§ Available records
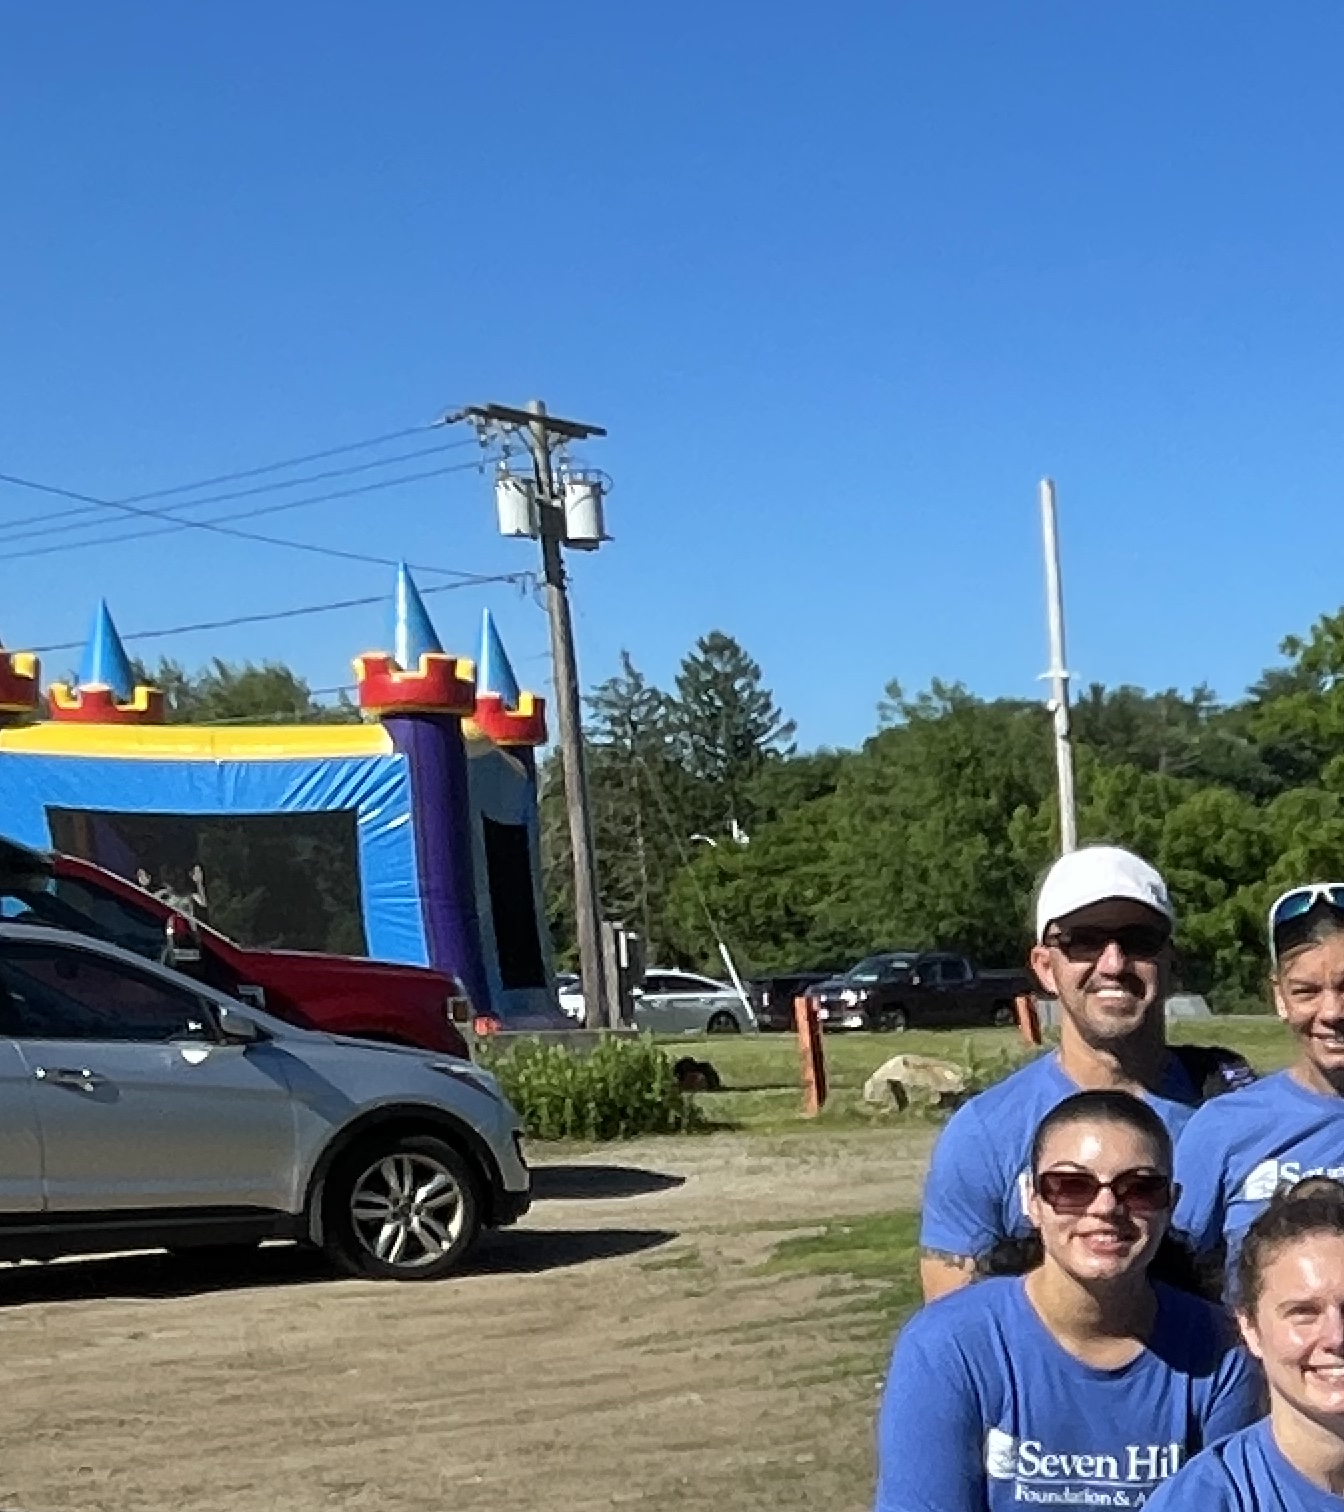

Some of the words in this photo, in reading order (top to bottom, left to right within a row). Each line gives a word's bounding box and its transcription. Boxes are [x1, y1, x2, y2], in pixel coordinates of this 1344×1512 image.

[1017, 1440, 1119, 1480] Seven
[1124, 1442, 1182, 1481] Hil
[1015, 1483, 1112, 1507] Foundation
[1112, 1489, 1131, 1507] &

§ Activity
Output the entries exactly and keep every picture out of them.

§ Written answer
Some of the words in this photo, in reading order (top to bottom, left to right within a row). Each line gives a word's bounding box and its transcription. Boxes are [x1, y1, x2, y2], in pixel coordinates of this 1344×1512 image.

[1017, 1440, 1119, 1480] Seven
[1124, 1442, 1182, 1481] Hil
[1015, 1483, 1112, 1507] Foundation
[1112, 1489, 1131, 1507] &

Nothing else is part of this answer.